Rising AI Investment and Revenue Growth
OpenAI continues to escalate its investments to support its flagship ChatGPT large language model. According to reports from The Information, the company plans to increase its cash burn to $115 billion by 2029, with over $8 billion allocated for the current year alone. Despite high expenditures, OpenAI anticipates substantial revenue growth, aiming to triple its revenue to about $13 billion in 2025. The company recently announced reaching $10 billion in annual recurring revenue.
Addressing questions about profitability, Friar clarified that OpenAI operates as a for-profit entity within a nonprofit framework, reflecting its unique organizational structure.
Addressing Compute Resource Constraints
Friar highlighted compute capacity as a critical bottleneck amid soaring AI demand. To mitigate these constraints, OpenAI has expanded its partnerships beyond Microsoft, forging agreements with Oracle, Coreweave, and other providers to secure necessary infrastructure.
“We are doing a lot of prebuilding to get ahead of future needs,” she remarked, underscoring the company’s proactive approach to scaling compute resources to sustain AI development.

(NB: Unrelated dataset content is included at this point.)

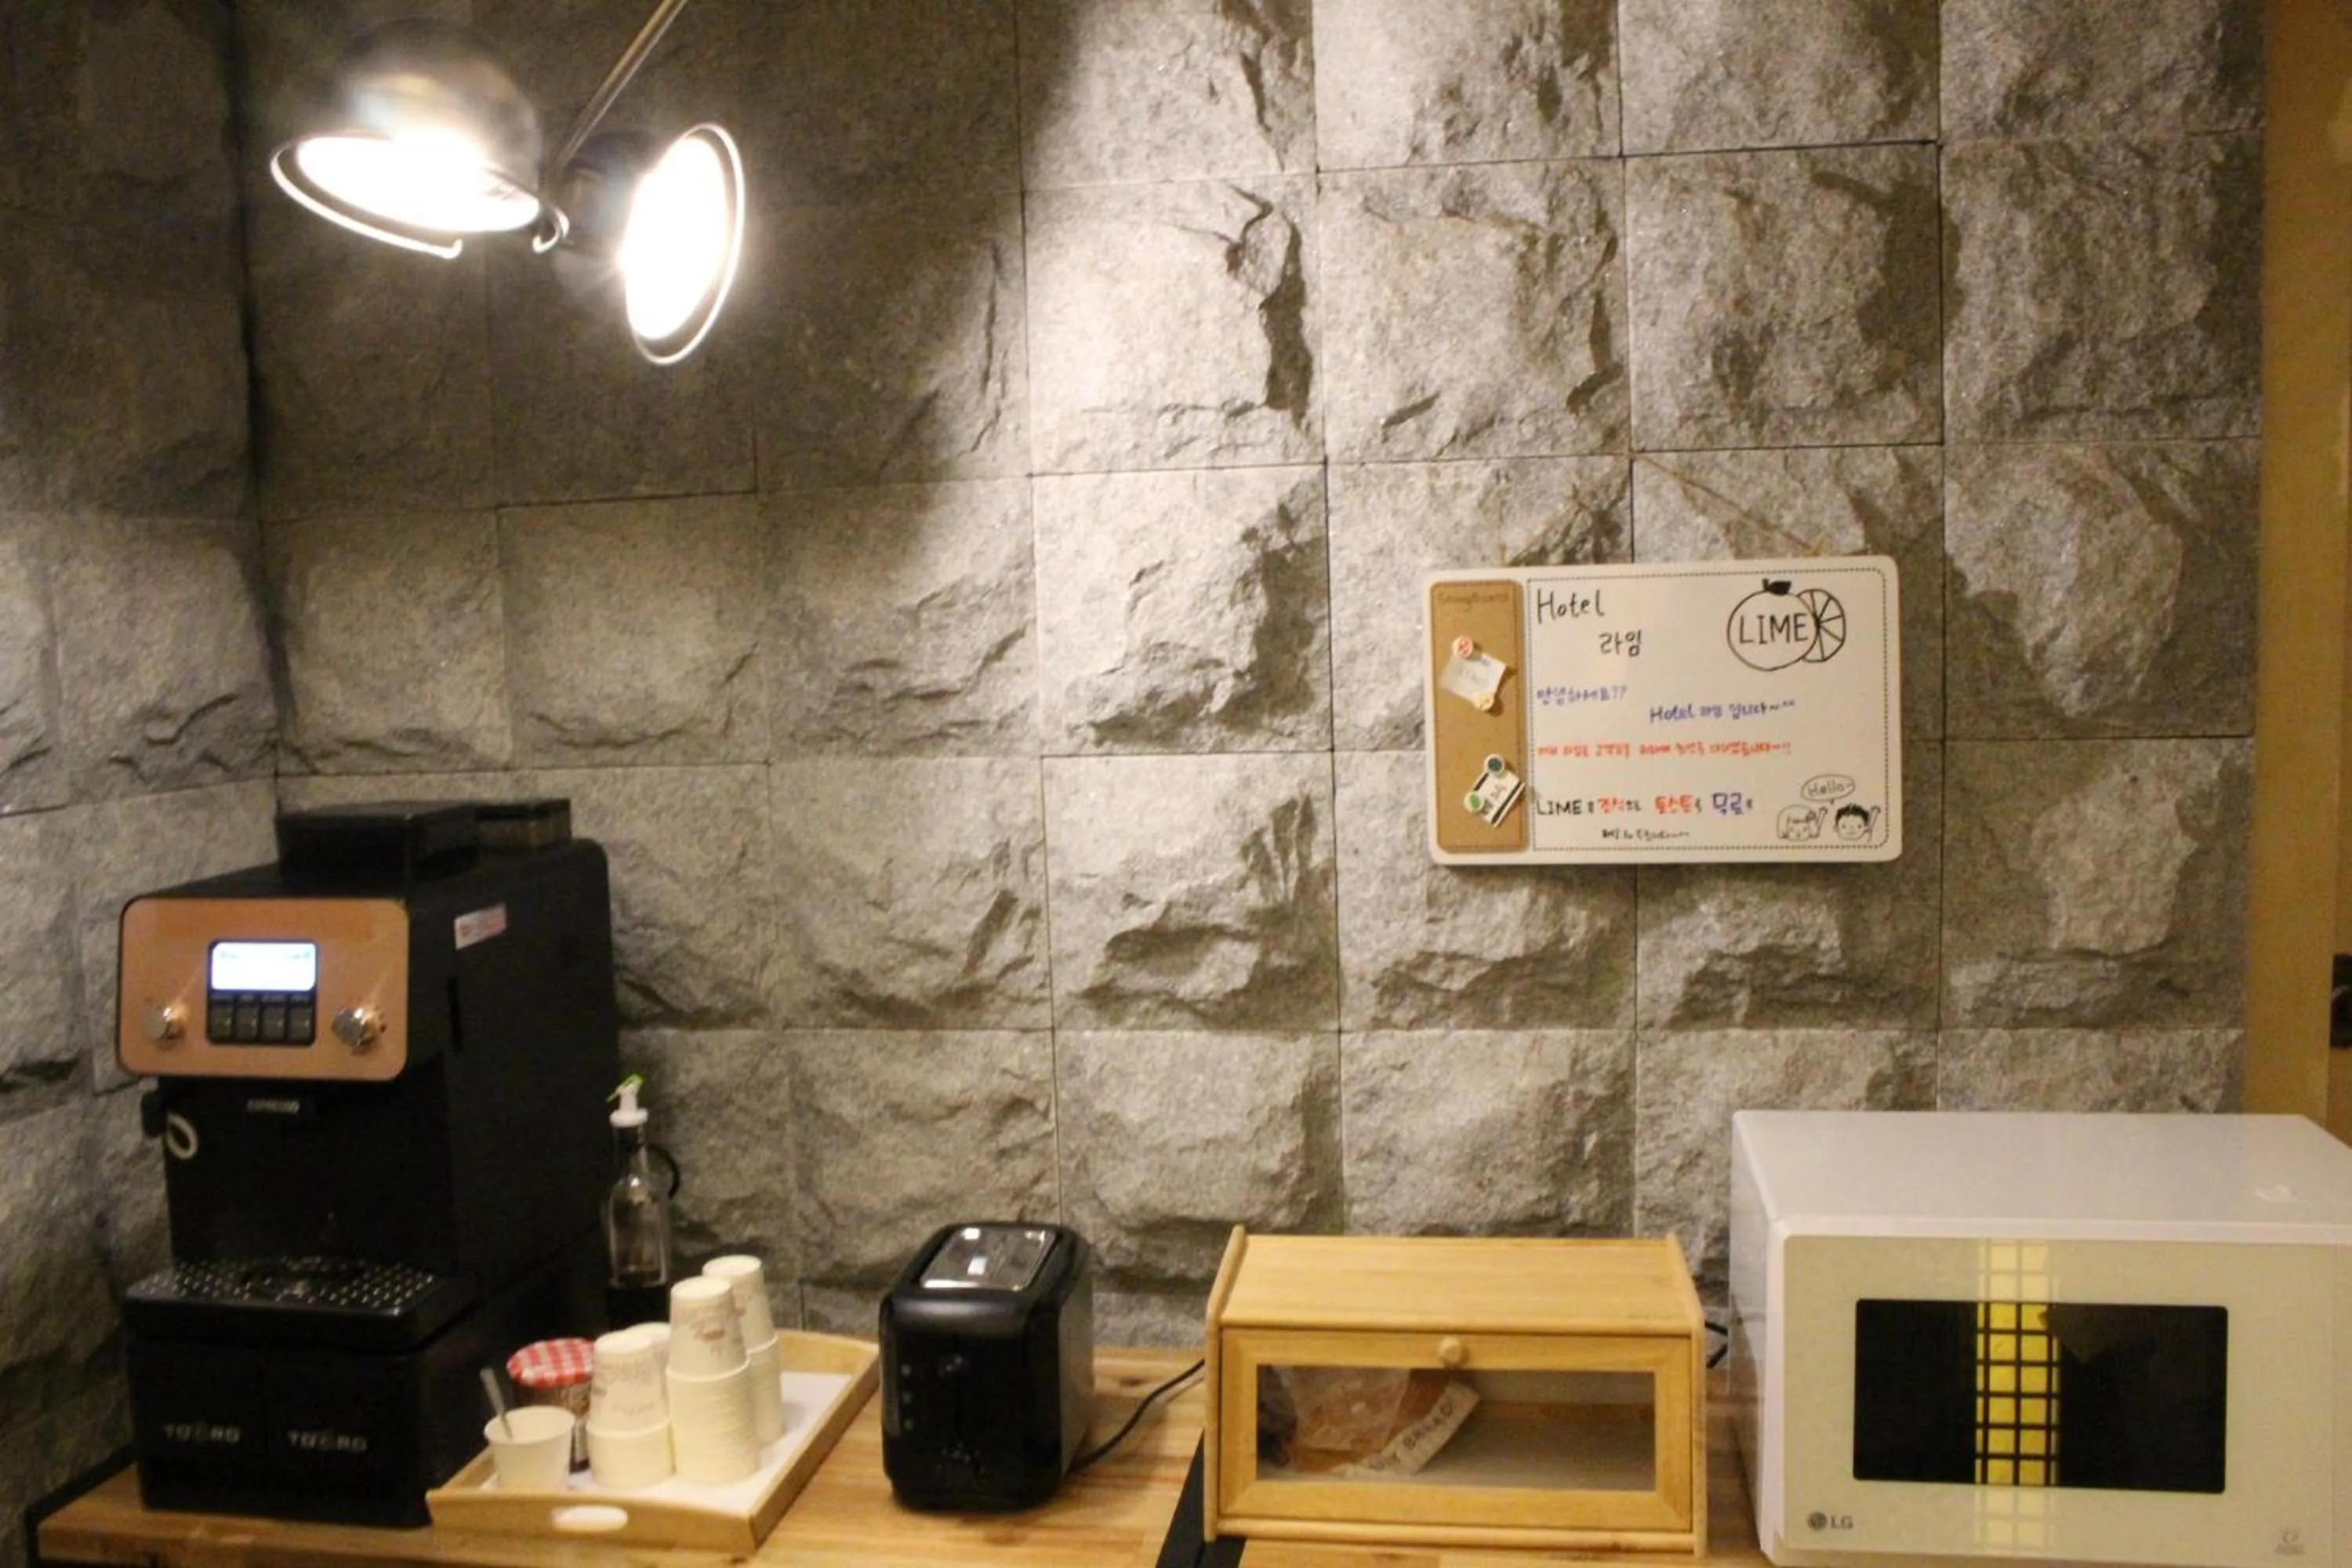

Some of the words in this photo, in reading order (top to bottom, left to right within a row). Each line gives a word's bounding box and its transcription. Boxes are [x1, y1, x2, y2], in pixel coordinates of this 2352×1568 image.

As AI adoption accelerates across industries, Friar’s comments underscore the imperative for companies and professionals to integrate AI technologies rapidly or risk competitive obsolescence.
FinOracleAI — Market View
OpenAI’s CFO message reinforces the growing urgency for businesses to accelerate AI integration to maintain market relevance. The company’s aggressive investment in AI infrastructure and expanding partnerships signal confidence in sustained AI-driven growth. However, the high cash burn and compute constraints present execution risks. Market participants should monitor OpenAI’s ability to scale compute resources efficiently and convert investment into profitable revenue streams.